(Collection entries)
--*--

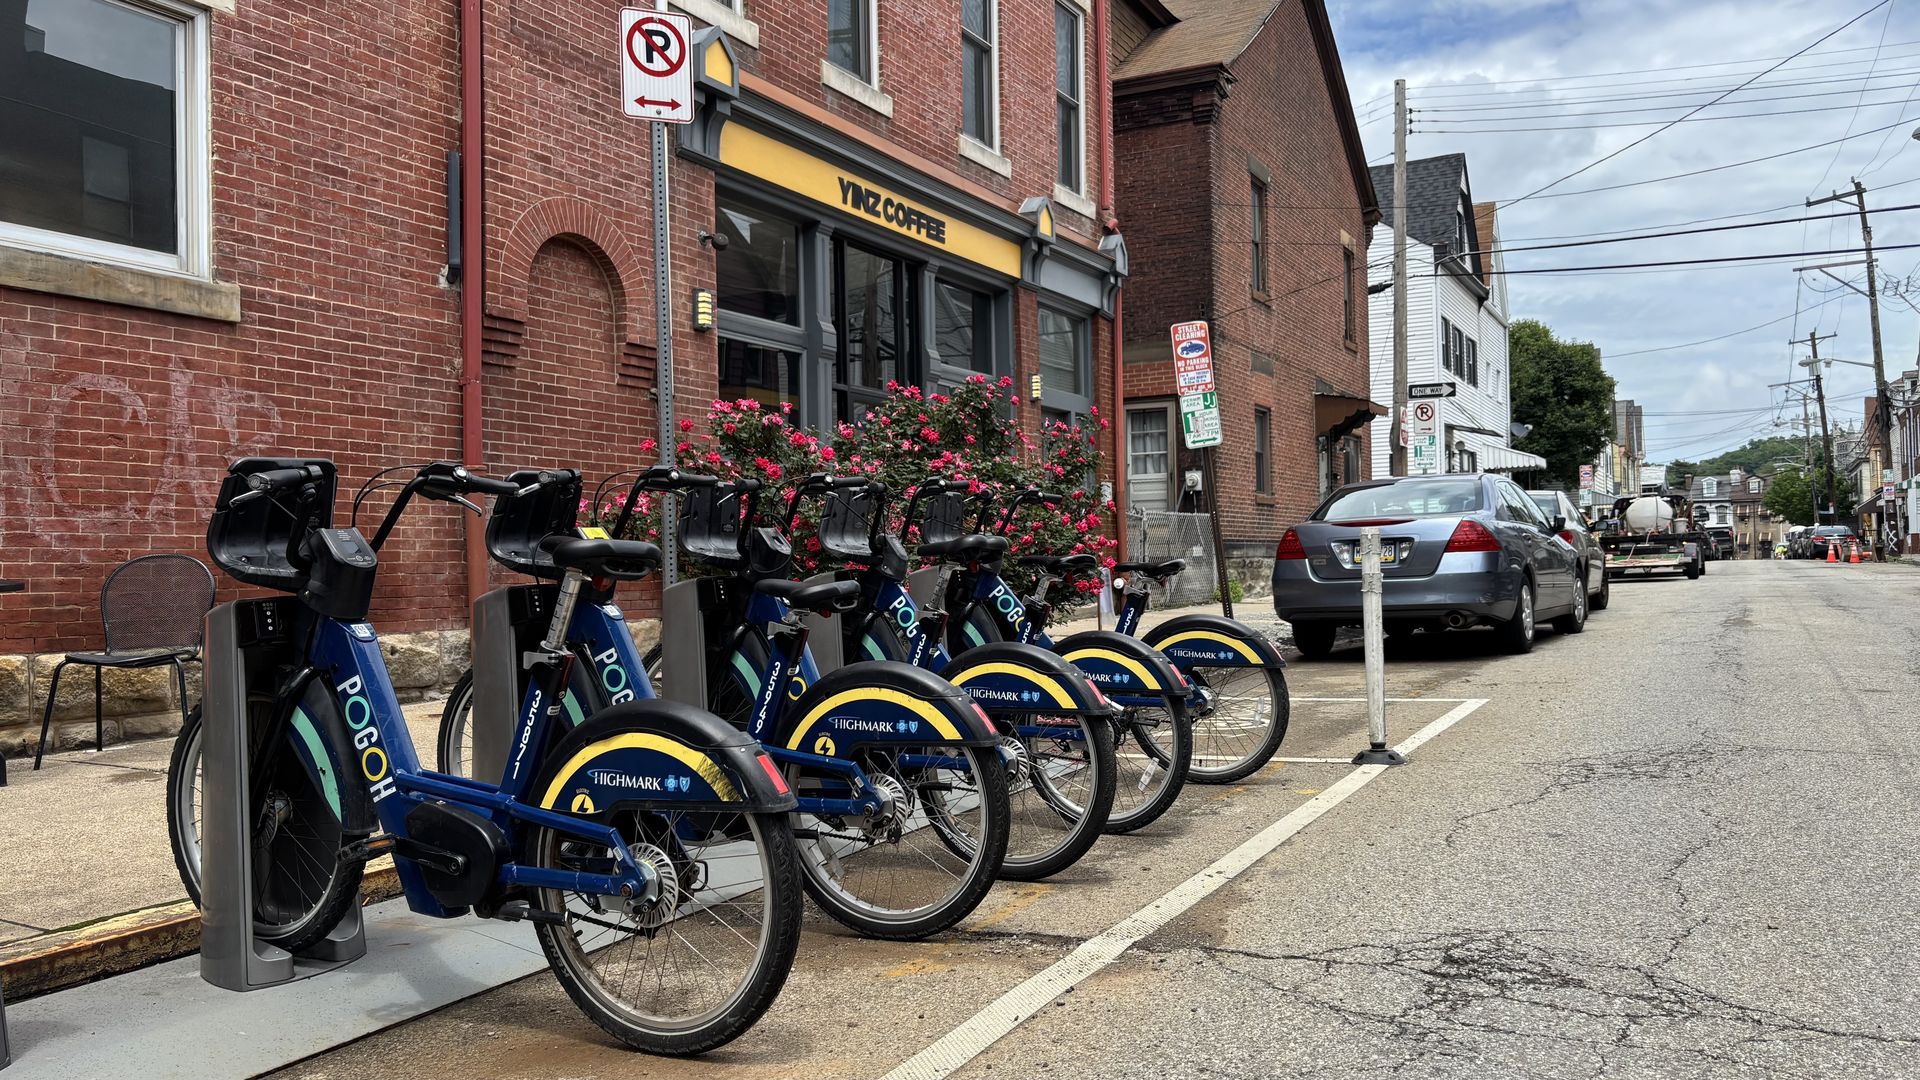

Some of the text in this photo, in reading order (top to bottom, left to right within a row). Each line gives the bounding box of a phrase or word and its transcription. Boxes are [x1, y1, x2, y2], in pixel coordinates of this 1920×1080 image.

[837, 176, 946, 245] YINZ COFFEE
[1175, 329, 1206, 342] CLEANING
[1177, 324, 1201, 334] STREET
[1186, 356, 1209, 367] PARKING
[1204, 393, 1216, 408] JJ
[889, 595, 920, 638] POG
[988, 584, 1024, 632] POG
[1173, 649, 1217, 660] HIGHMARK
[595, 647, 634, 706] POG
[1086, 672, 1112, 683] MARK
[755, 661, 781, 734] 35949
[969, 687, 1019, 701] HIGHMARK
[834, 717, 894, 733] HIGHMARK
[336, 674, 397, 804] POGOH
[512, 689, 542, 780] 35871
[594, 771, 662, 791] HIGHMARK

--*--

▸ **Task brief**: Your copy of the entries should be exact and free of pictures.

▸ **Answer below**:
Some of the text in this photo, in reading order (top to bottom, left to right within a row). Each line gives the bounding box of a phrase or word and its transcription. Boxes are [x1, y1, x2, y2], in pixel coordinates of this 1920×1080 image.

[837, 176, 946, 245] YINZ COFFEE
[1175, 329, 1206, 342] CLEANING
[1177, 324, 1201, 334] STREET
[1186, 356, 1209, 367] PARKING
[1204, 393, 1216, 408] JJ
[889, 595, 920, 638] POG
[988, 584, 1024, 632] POG
[1173, 649, 1217, 660] HIGHMARK
[595, 647, 634, 706] POG
[1086, 672, 1112, 683] MARK
[755, 661, 781, 734] 35949
[969, 687, 1019, 701] HIGHMARK
[834, 717, 894, 733] HIGHMARK
[336, 674, 397, 804] POGOH
[512, 689, 542, 780] 35871
[594, 771, 662, 791] HIGHMARK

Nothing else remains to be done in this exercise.